Los políticos renacentistas debían garantizar estabilidad para los nuevos estados nacionales
domingo, 23 de mayo de 2021 · 13:55

Ya hiede a política. Una nueva historia de elecciones comienza a decantarse en México. Será inédita, la más grande, nunca antes vista. Pero, muy en el fondo, las ideas en torno a cómo gobernar la ciudad tienen aspecto añejo. La chapa de oro cruel le viene del Renacimiento (y desde antes, quizá).

Las naciones del sol

El desarrollo de una teoría política dentro del Renacimiento fue posibilitado -o mejor dicho, requerido- por distintos factores, entre los cuales destacan la novedosa visión basada en el monetarismo y la necesidad de centralizar el nuevo poder que el dinero trajo a Europa. El rey se convertiría entonces en la figura por antonomasia del nuevo orden político, surgido del deseo de monopolizar territorios que fueran convenientes para el desarrollo del novedoso modelo de Estado-Nación. Al ser la Corona la nueva protagonista del ordenamiento social, era menester cuidar el carácter de la figura de autoridad para asegurar la permanencia del reino. Distintos pensadores elaboraron una teoría política “tanto para justificar el absolutismo como para exaltar las virtudes de la libertad y la vida guiada por la justicia”, según Gerardo Escobar en su libro El arte de la política en el Renacimiento.

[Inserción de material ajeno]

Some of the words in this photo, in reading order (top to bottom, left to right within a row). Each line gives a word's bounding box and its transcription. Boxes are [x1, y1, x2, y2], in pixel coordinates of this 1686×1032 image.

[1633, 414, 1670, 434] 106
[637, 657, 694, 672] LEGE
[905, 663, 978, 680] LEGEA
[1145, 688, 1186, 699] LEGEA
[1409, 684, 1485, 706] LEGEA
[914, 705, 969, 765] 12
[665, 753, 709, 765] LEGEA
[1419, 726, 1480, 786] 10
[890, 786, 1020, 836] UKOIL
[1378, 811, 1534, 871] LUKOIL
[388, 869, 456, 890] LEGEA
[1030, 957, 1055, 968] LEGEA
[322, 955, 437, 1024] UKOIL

 No obstante, las premisas para la manutención del poder variaban de un pensador a  otro. Entre los representantes de la teorización política del periodo renacentista destacan Nicolás Maquiavelo y su realismo político; Francesco Guicciardini, quien puntualiza el valor de la “discreción” para la conquista del presente; Erasmo de Rotterdam, defensor de la paz en el gobierno y la necesaria educación para los mandatarios; y Martín Lutero, promotor de la Reforma de la Iglesia católicos. Las perspectivas políticas de estos pensadores, como se verá, contienen distinciones claras entre sí, aunque todas corresponden a la misma utilidad: determinar el correcto comportamiento que debe tener aquél que esté en la cúspide del poder, con el objetivo de garantizar estabilidad para los nuevos Estados nacionales. Esta heterogeneidad de métodos para llegar a un mismo fin se debe a la consideración variable de la realidad, circunferida a las delimitaciones de la nueva medida del mundo, es decir, el humano.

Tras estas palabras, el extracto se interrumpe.